Median (IQR) daily intake | p (median test) | Median adequacy ratio | |||
---|---|---|---|---|---|
Intervention (n = 29) |
Control (n = 29) |
Intervention (n = 29) |
Control (n = 29) |
||
Energy (kcal) | 1633 (1403–1829) | 1524 (1359–1721) | 0.189 | 92% | 83% |
Vitamin C (mg) | 73 (57–96) | 40 (27–63) | 0.001 | 211% | 122% |
Iron (mg) | 15 (13–17) | 14 (13–15) | 0.066 | 165% | 157% |
Zinc (mg) | 10 (8–11) | 8 (8–9) | 0.066 | 156% | 128% |
Calcium (mg) | 396 (344–477) | 318 (276–364) | 0.004 | 39% | 30% |
Magnesium (mg) | 513 (435–581) | 437 (402–492) | 0.066 | 310% | 242% |
During the intervention, the dietary intake changed (Fig. 2). At t2, vitamin C intake increased, while energy and iron intake decreased compared to t1. At all times, median adequacy ratio for iron was met in both groups (≥ 140%) and the intake of vitamin C and iron at t1, t2, t3 did not differ significantly in the intervention and control group, respectively. Only the energy intake in the control group differed significantly between t1 and t2 with a small effect size (p = 0.026, r = 0.128). Noteworthy, the energy intake was always higher in the intervention than in the control group.

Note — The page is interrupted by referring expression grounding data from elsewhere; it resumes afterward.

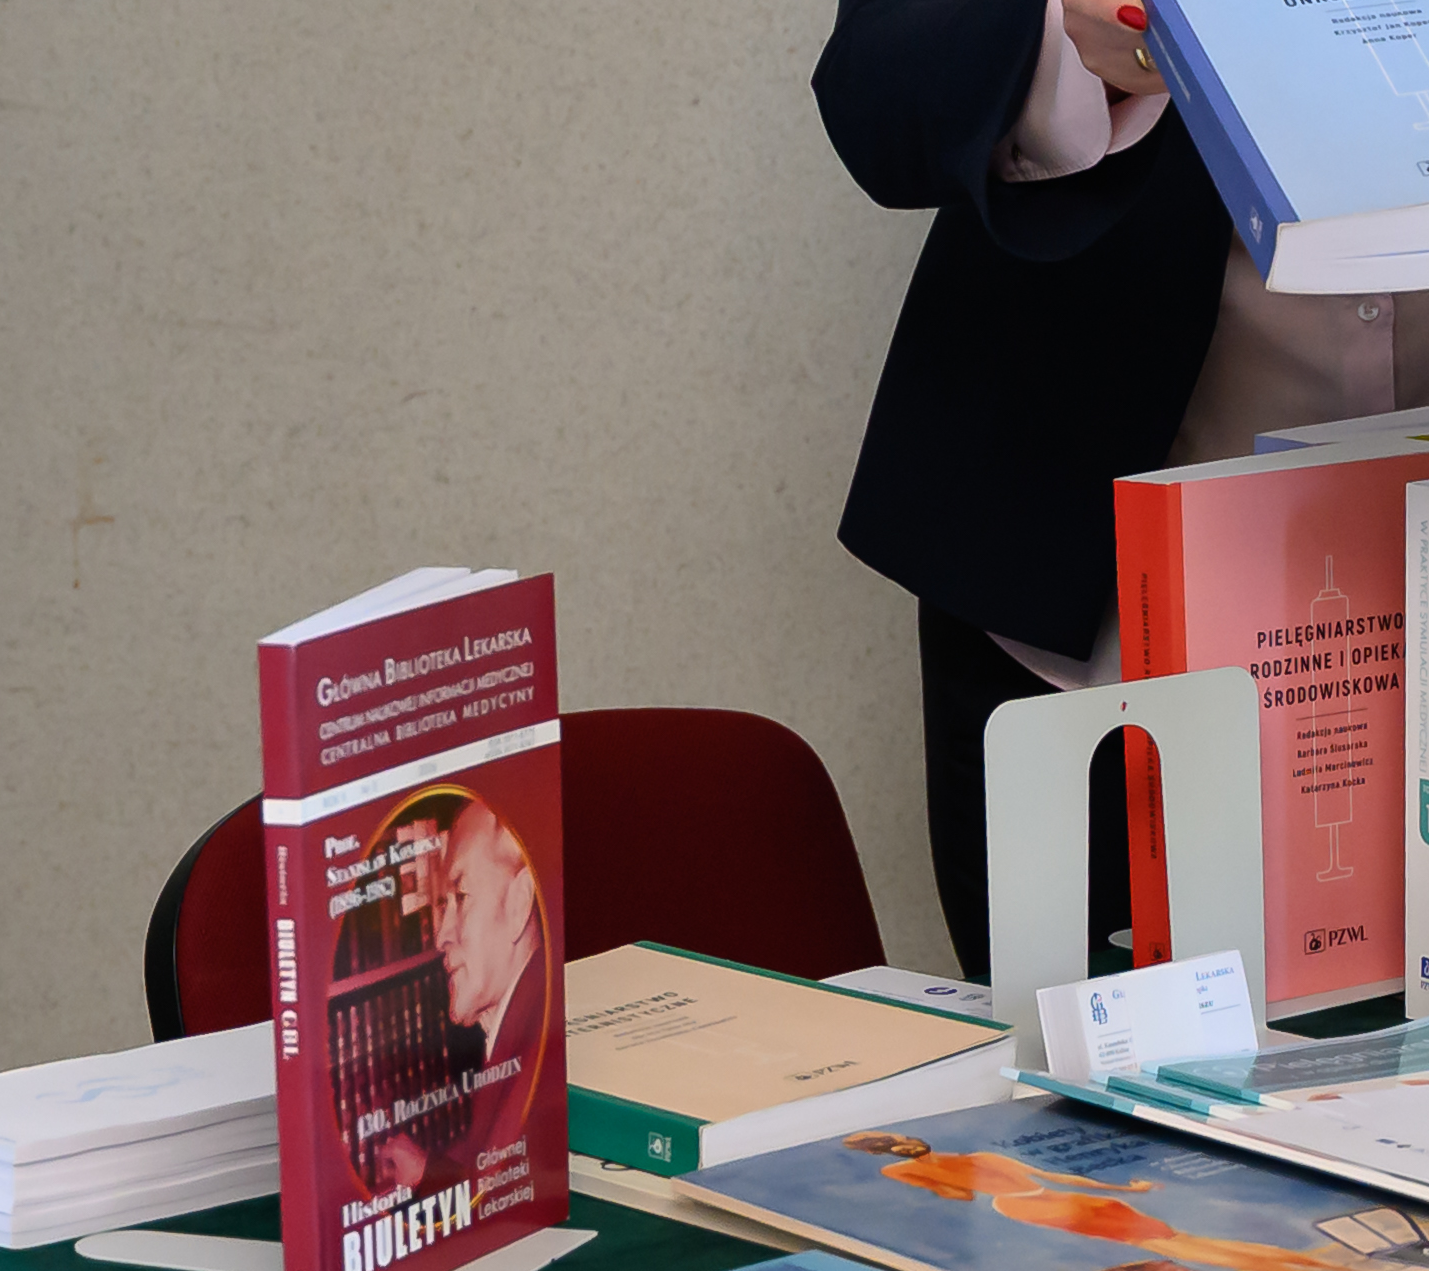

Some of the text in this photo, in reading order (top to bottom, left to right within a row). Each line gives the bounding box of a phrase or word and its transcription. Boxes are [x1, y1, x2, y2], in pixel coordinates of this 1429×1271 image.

[1257, 612, 1405, 649] PIELĘGNIARSTWO
[1418, 519, 1429, 774] W PRAKTYCE SYMULACJI MEDYCZNEJ
[317, 627, 533, 707] GŁÓWNA BIBLIOTEKA LEKARSKA
[1250, 642, 1406, 680] RODZINNE I OPIEK
[461, 686, 535, 719] MEDYCYNY
[1263, 672, 1400, 709] ŚRODOWISKOWA
[1297, 721, 1368, 740] Redakcja naukowa
[1297, 740, 1369, 759] Barbara Ślusarska
[1300, 780, 1341, 794] Katarzyna
[1327, 924, 1369, 948] PZWL
[1195, 967, 1235, 982] LEKARSKA
[566, 996, 699, 1037] TERNISTYCZNE
[393, 1084, 460, 1126] ROCZNICA
[461, 1056, 522, 1094] URODZIN
[476, 1135, 527, 1171] Głównej
[477, 1157, 530, 1192] Biblioteki
[341, 1183, 413, 1228] Historia
[478, 1180, 534, 1220] Lekarskiej

Impact of baobab intake on hemoglobin and iron status
Table 5 shows the baseline and endline data of the intervention and control group without outliers in development. Figure 3 presents the changes in Hb, FER, and sTfR in both groups. Between baseline and endline, developments showed a better tendency of Hb (mean), FER (geometric mean), and sTfR (geometric mean) in the intervention than in the control group. Hb and sTfR within each group did not significantly change between baseline and endline. Mean Hb levels improved by 2.2% in the intervention and worsened by 1.2% in the control group. Geometric mean of sTfR level in the intervention group levels remained almost unchanged (0.7%) while it worsened by 2.7% in the control group. The number of children with tissue iron deficiency increased by one in each group between baseline and endline.

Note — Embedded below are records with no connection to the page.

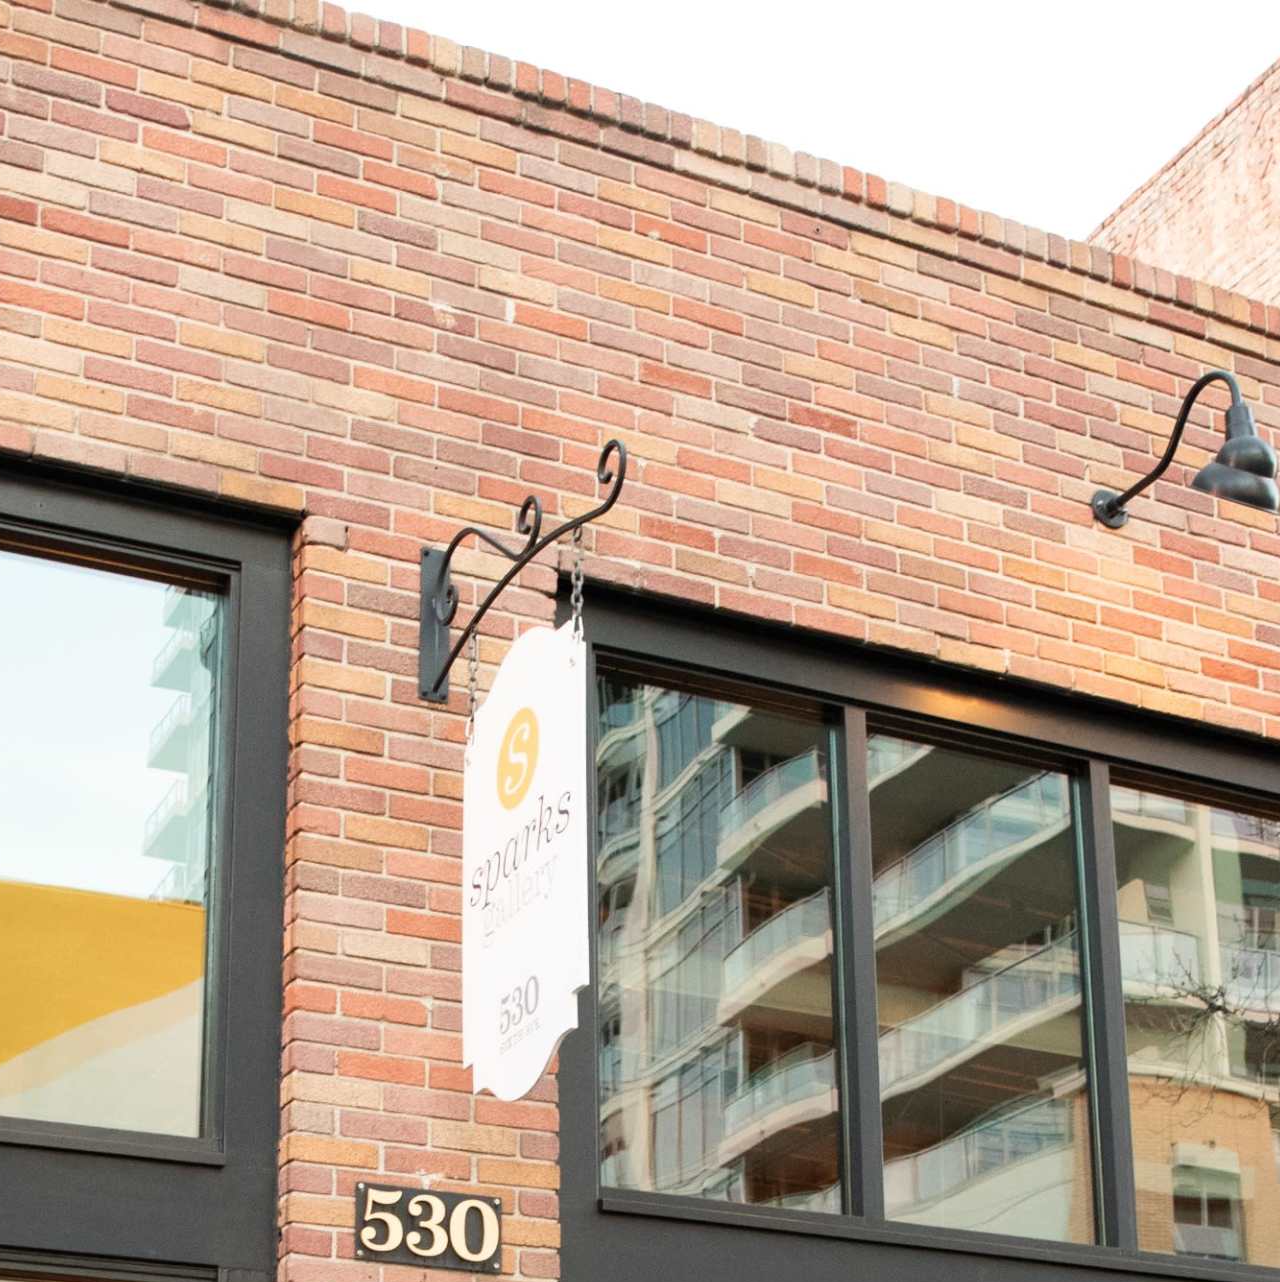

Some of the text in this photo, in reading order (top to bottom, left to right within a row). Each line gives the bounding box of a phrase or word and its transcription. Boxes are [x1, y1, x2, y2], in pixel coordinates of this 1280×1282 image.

[470, 791, 571, 910] sparks
[499, 974, 540, 1035] 530
[361, 1190, 500, 1263] 530
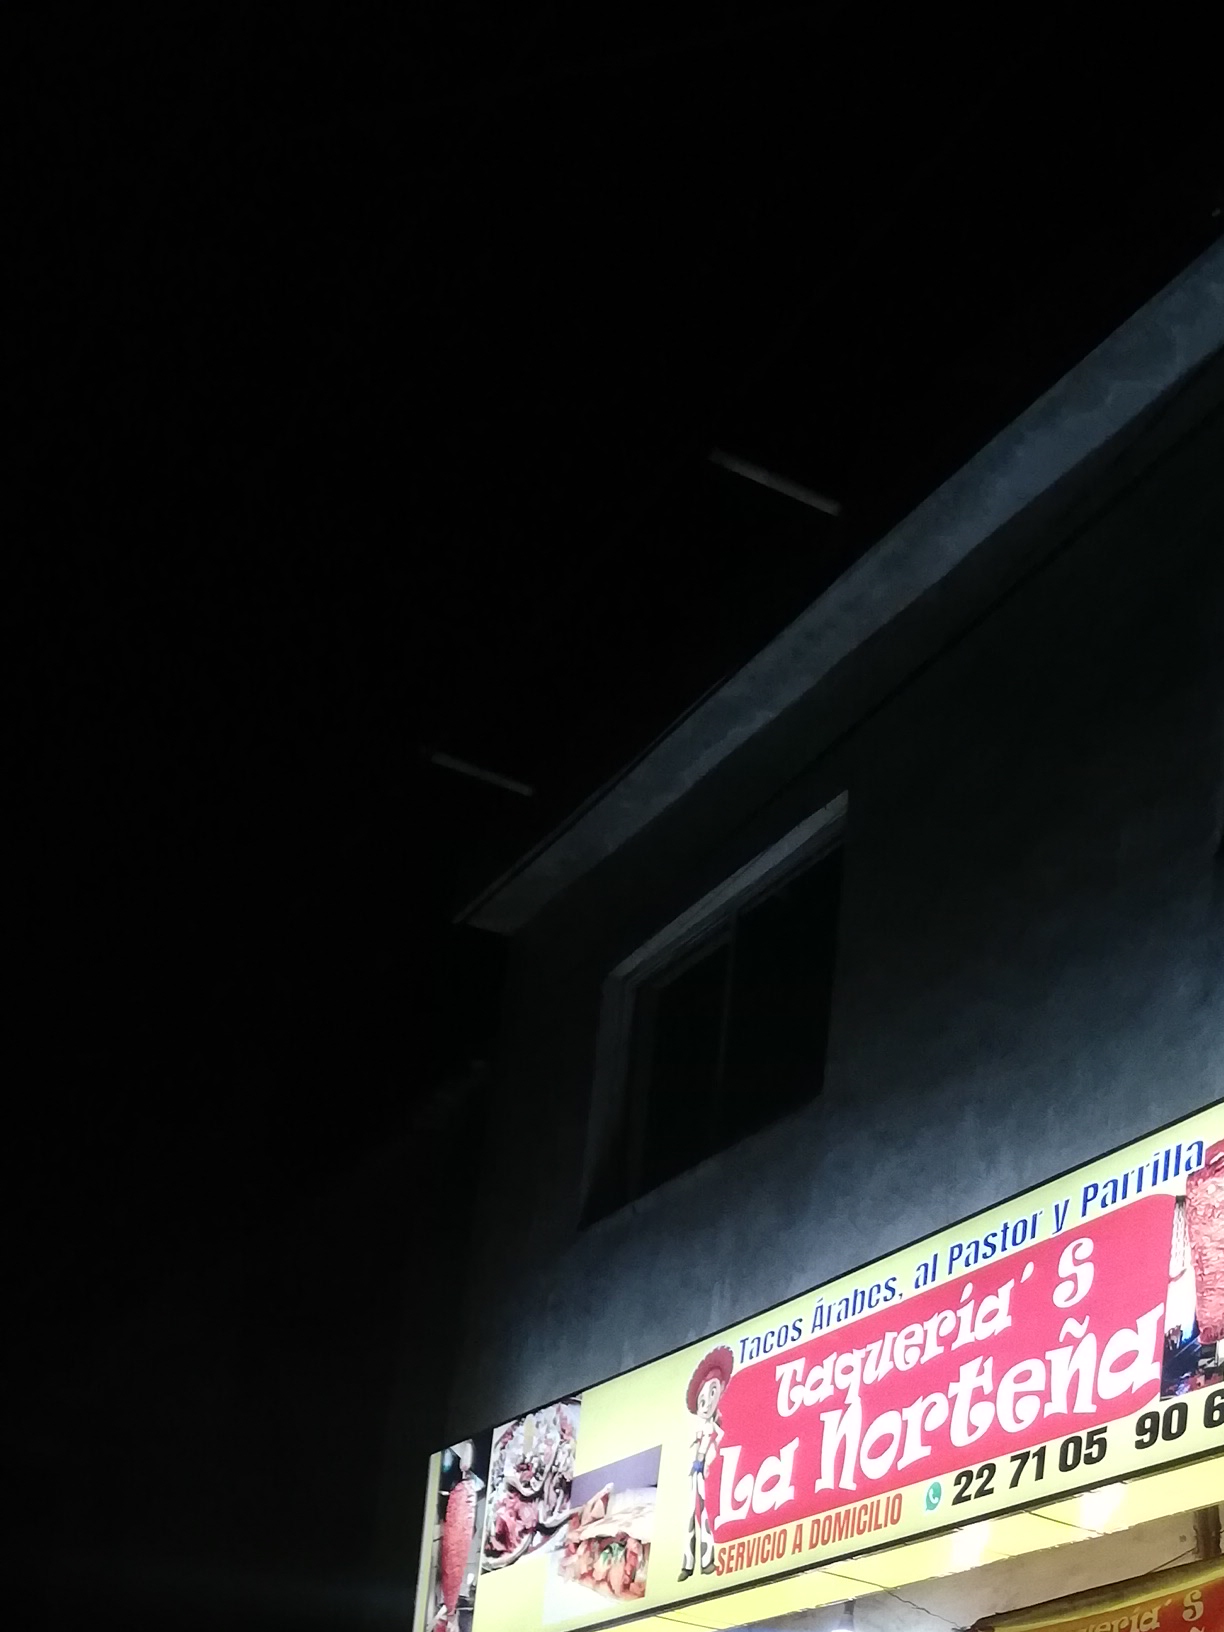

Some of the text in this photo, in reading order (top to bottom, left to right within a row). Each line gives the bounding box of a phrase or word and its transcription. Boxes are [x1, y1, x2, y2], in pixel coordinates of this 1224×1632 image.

[739, 1318, 804, 1365] Tacos
[914, 1252, 939, 1290] al
[948, 1210, 1043, 1276] Pastor
[1052, 1198, 1070, 1235] y
[1081, 1139, 1205, 1218] Parrilla
[713, 1436, 800, 1531] La
[951, 1463, 995, 1506] 22
[1008, 1449, 1046, 1490] 71
[1058, 1426, 1108, 1473] 05
[1134, 1401, 1189, 1450] 90
[715, 1493, 903, 1577] SERVICIO A DOMICILIO

Geometric mean of FER levels worsened by 17.3% in the intervention and 26.0% in the control group. Mean LN(FER) values within the intervention t(27) = 3.820, p = 0.001, r = 0.675) and control (t(25) = 3.444, p = 0.002, r = 0.722 group significantly worsened. Even though the mean FER level significantly decreased in both groups, the number of children with iron deficiency decreased by one child in each group.
The general linear model including age, change of weight, group, gender, carrier of heterozygous α-thalassemia and did not show a significant influence on changes in Hb, LN(FER), or LN(sTfR). Nonetheless, we found small evidence of an effect on the group on Hb (part. Eta2 = 0.067; p = 0.062).
Discussion
Positive associations between dietary vitamin C intake and Hb levels, as well as iron status, have been found in Mexico, where a traditional beverage (pulque) containing 30 mg vitamin C is consumed with a diet based on cereals and beans. Although the diet was high in phytate and phenolic compounds, similar to the diet in the Baobab Nutrition Intervention Study, a higher vitamin C intakes predicted a lower risk of anemia [21]. A study on the impact of BFP intake of Nigerian schoolchildren found that a BFP-drink can significantly improve Hb-levels and iron stores. The amount of vitamin C from the BFP in the intervention drink was twice as high as in the Baobab Nutrition Intervention Study (60 mg vs. 33 mg vitamin C), the control group did not receive any placebo and the prevalence of anemia and iron deficiency was much higher in the Nigerian study [28]. The intervention drink was consumed before the meal with similar ingredients (cereal/legume/vegetable-based meal) as in the Baobab Nutrition Intervention Study, but detailed information on food are not provided. Furthermore, information on randomization, blinding, food composition or dietary intake of participants are missing. Though, in vitro studies with BFP are in line with the Nigerian study as they found significant improvements iron bioaccessibility, probably due to the rich vitamin C content and other organic acids such as citric acid [25–27].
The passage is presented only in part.